(Dataset excerpts)
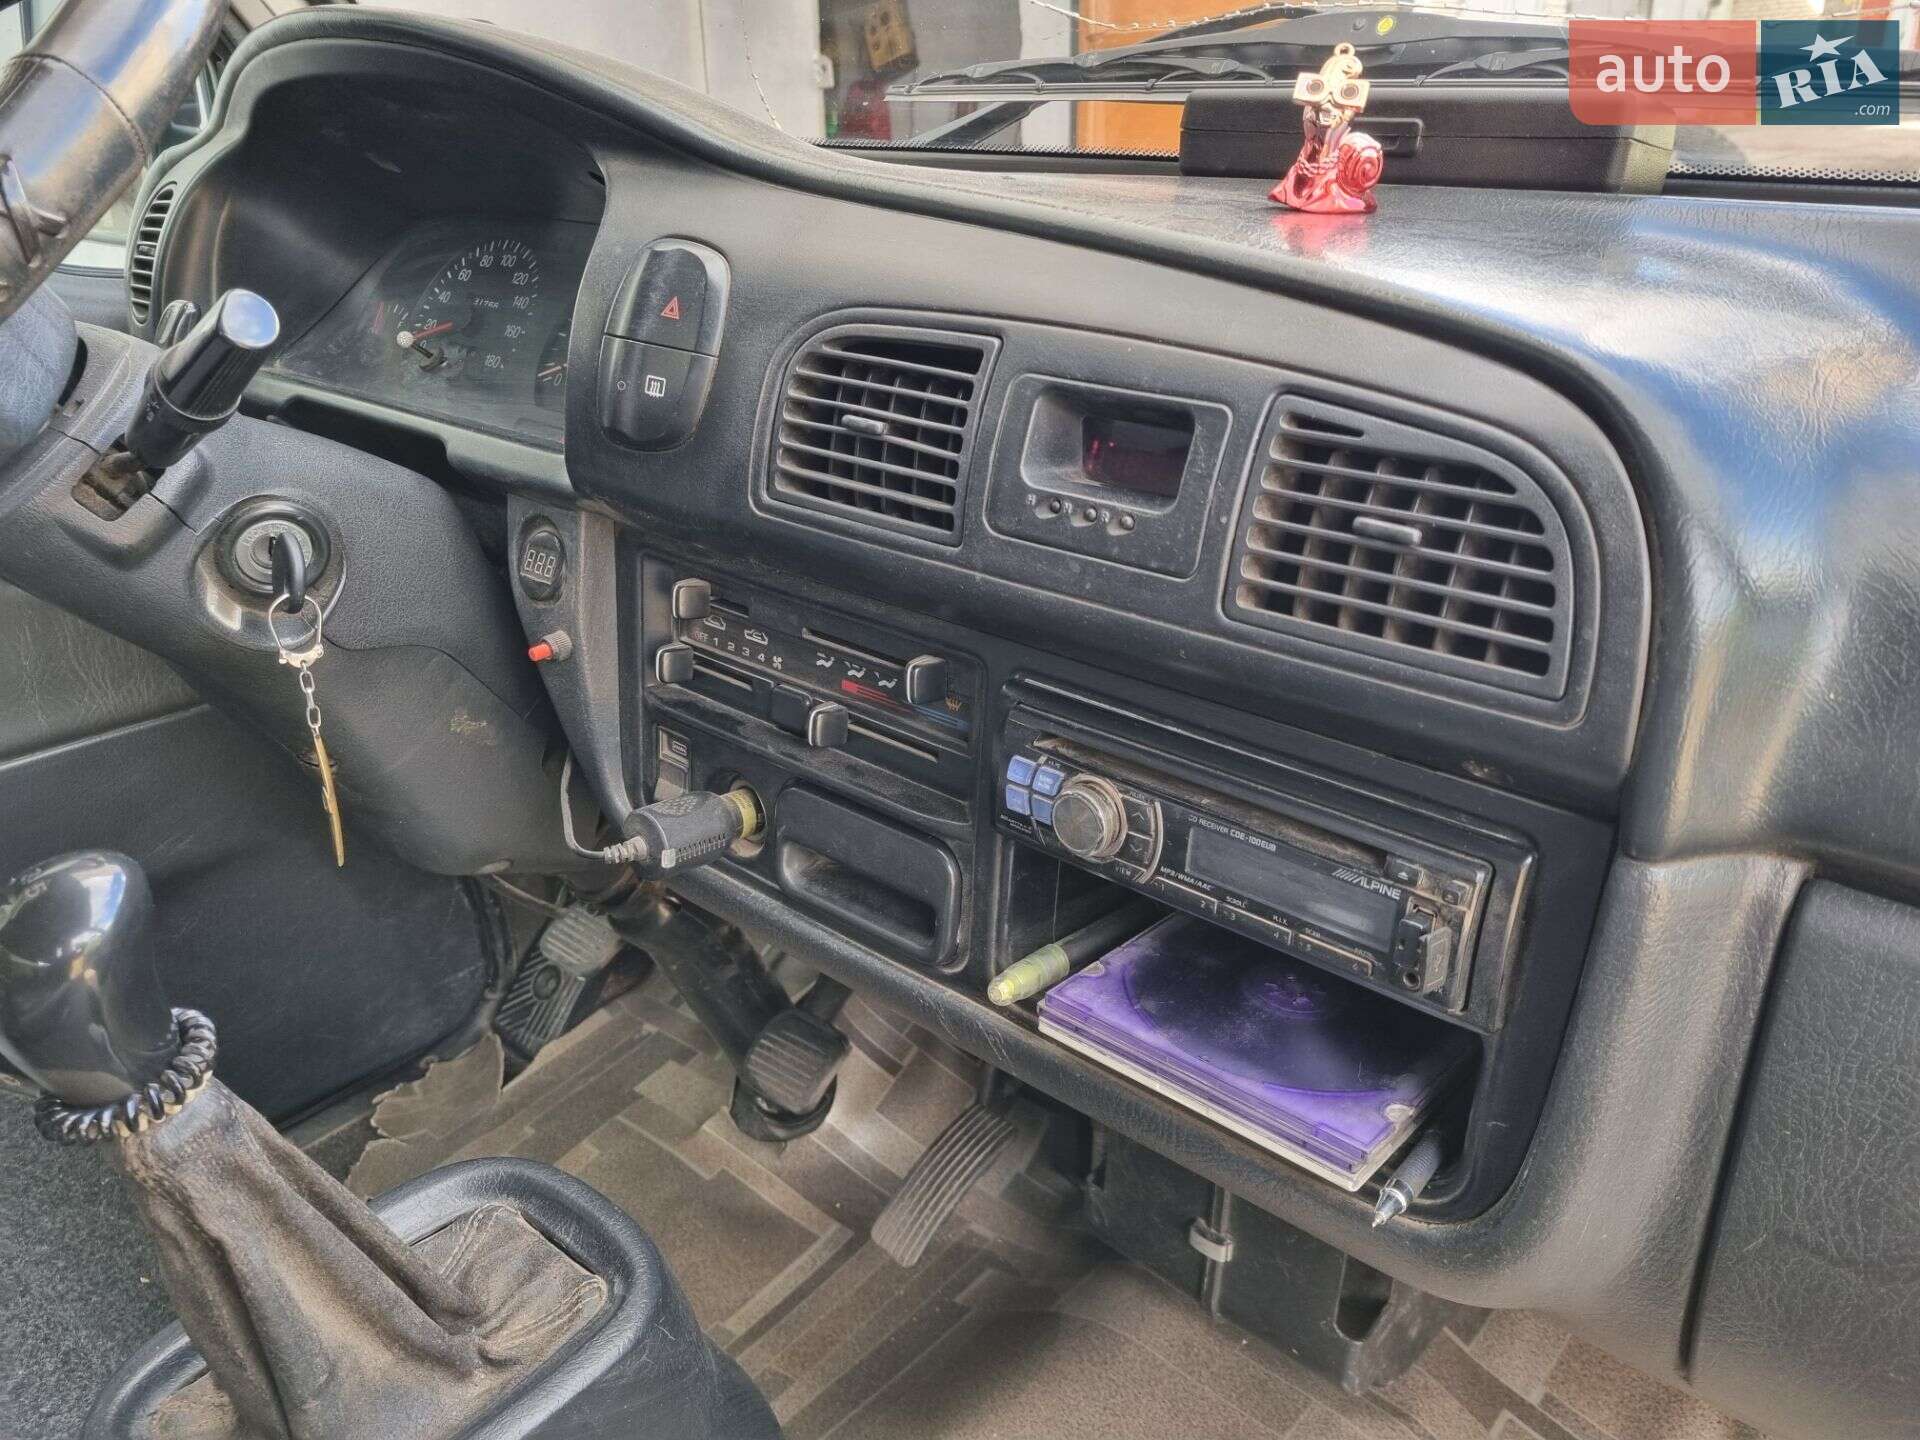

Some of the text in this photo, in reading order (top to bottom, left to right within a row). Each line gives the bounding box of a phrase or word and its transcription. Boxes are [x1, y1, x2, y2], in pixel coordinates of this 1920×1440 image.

[479, 254, 494, 268] 80
[500, 254, 517, 267] 100
[458, 268, 472, 281] 60
[512, 272, 529, 286] 120
[438, 290, 451, 304] 40
[512, 296, 530, 310] 140
[504, 325, 521, 338] 160
[484, 353, 501, 368] 180
[713, 637, 719, 647] 1
[727, 641, 735, 652] 2
[742, 646, 750, 657] 3
[757, 653, 766, 663] 4
[1354, 876, 1401, 900] ALPINE
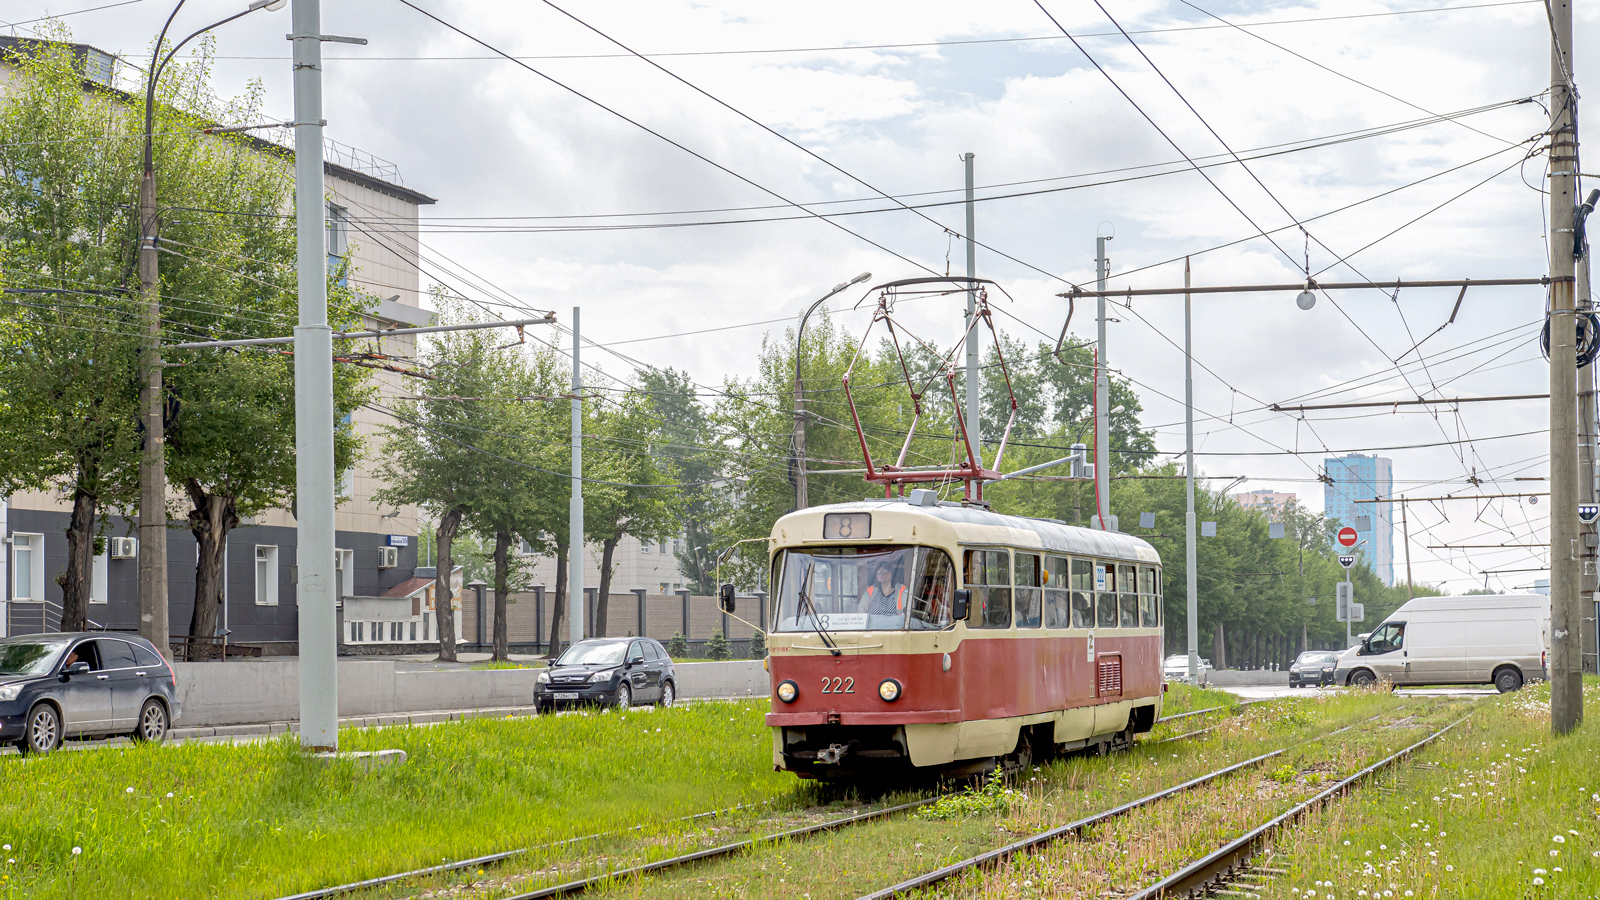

▶ **Work request**:
Excluding pictures, print all lines above exactly.

▶ **Output for this exercise**:
Some of the text in this photo, in reading order (top to bottom, left to right within a row). Each line gives the bounding box of a phrase or word and its transcription. Boxes are [x1, y1, x2, y2], in pixel coordinates of this 1920×1440 image.

[479, 254, 494, 268] 80
[500, 254, 517, 267] 100
[458, 268, 472, 281] 60
[512, 272, 529, 286] 120
[438, 290, 451, 304] 40
[512, 296, 530, 310] 140
[504, 325, 521, 338] 160
[484, 353, 501, 368] 180
[713, 637, 719, 647] 1
[727, 641, 735, 652] 2
[742, 646, 750, 657] 3
[757, 653, 766, 663] 4
[1354, 876, 1401, 900] ALPINE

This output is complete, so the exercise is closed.